You Can Use But Cannot Recognize: Preserving Visual Privacy in Deep Neural Networks
Qiushi Li, Yan Zhang, Ju Ren, Qi Li, Yaoxue Zhang
TL;DR
This work tackles the challenge of protecting visual privacy in DNN training and inference where traditional differential privacy fails to conceal visual features without harming utility. It introduces VisualFeatureEntropy (VFE) as a task-agnostic privacy metric and VisualMixer (VIM), a noise-free, region-wise pixel shuffling method guided by VFE to obfuscate visual content. To sustain model training on obfuscated data, it also proposes ST-Adam, a stabilized optimization strategy that reduces gradient oscillations. Across multiple datasets and tasks, VisualMixer achieves privacy with an average accuracy loss around 2.35 percentage points and shows strong resistance to privacy-leakage attacks, while remaining compatible with federated learning and knowledge distillation. Overall, VisualMixer provides a practical, efficient approach to privacy-preserving vision that preserves utility and supports real-world DNN workflows.
Abstract
Image data have been extensively used in Deep Neural Network (DNN) tasks in various scenarios, e.g., autonomous driving and medical image analysis, which incurs significant privacy concerns. Existing privacy protection techniques are unable to efficiently protect such data. For example, Differential Privacy (DP) that is an emerging technique protects data with strong privacy guarantee cannot effectively protect visual features of exposed image dataset.

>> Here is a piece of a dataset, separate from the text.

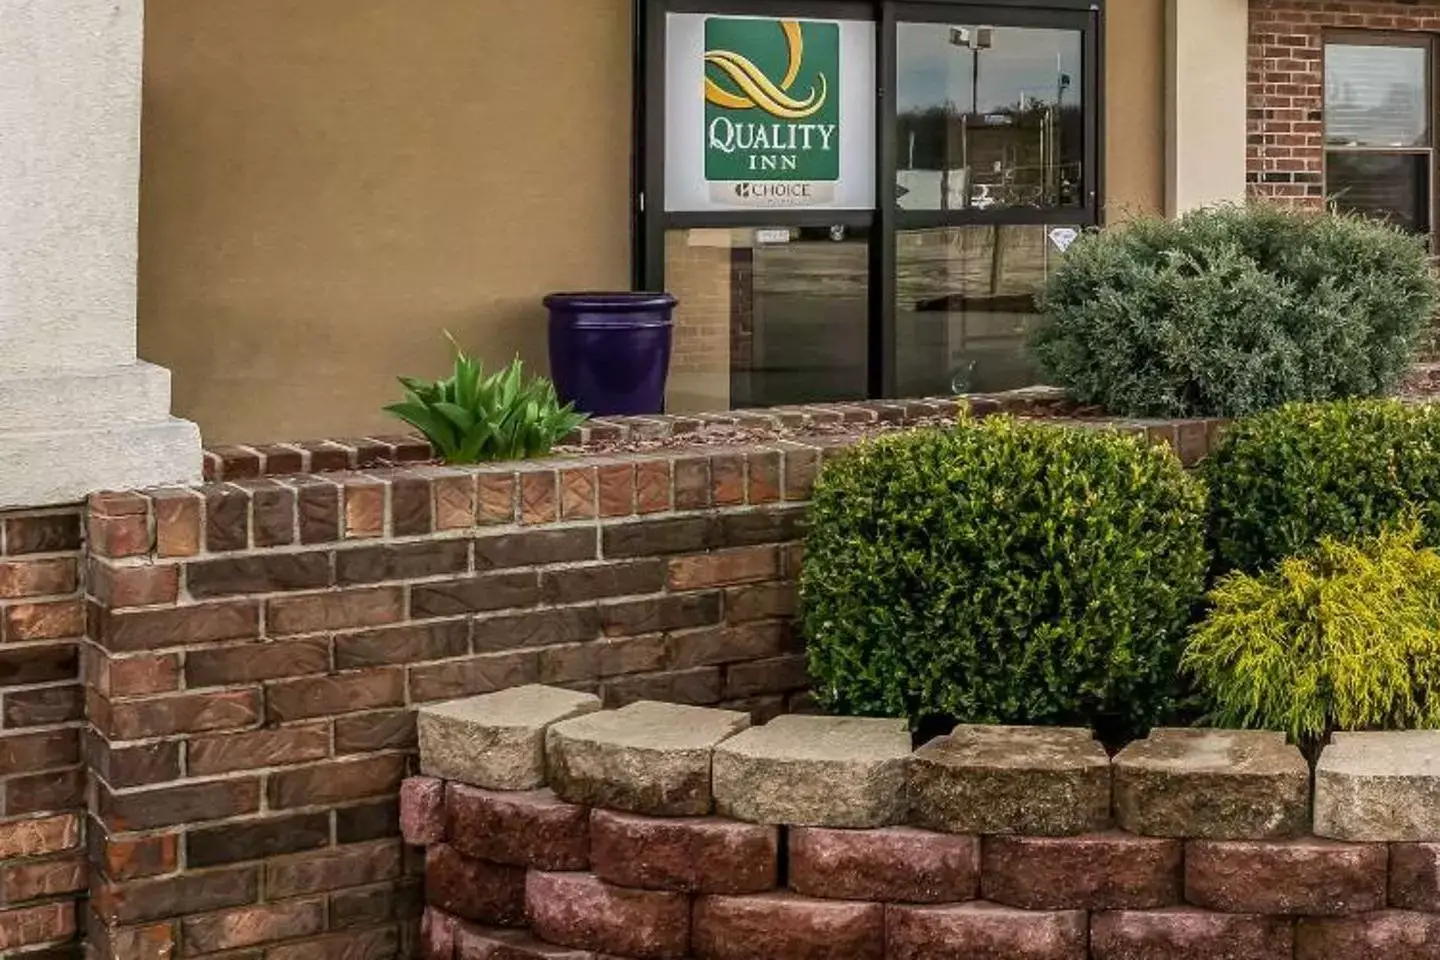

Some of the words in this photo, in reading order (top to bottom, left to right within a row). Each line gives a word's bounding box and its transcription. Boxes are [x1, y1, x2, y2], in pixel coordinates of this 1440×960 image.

[709, 116, 836, 153] QUALITY
[748, 155, 797, 170] INN
[752, 184, 812, 197] CHOICE

In this paper, we propose a novel privacy-preserving framework VisualMixer that protects the training data of visual DNN tasks by pixel shuffling, while not injecting any noises. VisualMixer utilizes a new privacy metric called Visual Feature Entropy (VFE) to effectively quantify the visual features of an image from both biological and machine vision aspects. In VisualMixer, we devise a task-agnostic image obfuscation method to protect the visual privacy of data for DNN training and inference. For each image, it determines regions for pixel shuffling in the image and the sizes of these regions according to the desired VFE. It shuffles pixels both in the spatial domain and in the chromatic channel space in the regions without injecting noises so that it can prevent visual features from being discerned and recognized, while incurring negligible accuracy loss. Extensive experiments on real-world datasets demonstrate that VisualMixer can effectively preserve the visual privacy with negligible accuracy loss, i.e., at average 2.35 percentage points of model accuracy loss, and almost no performance degradation on model training.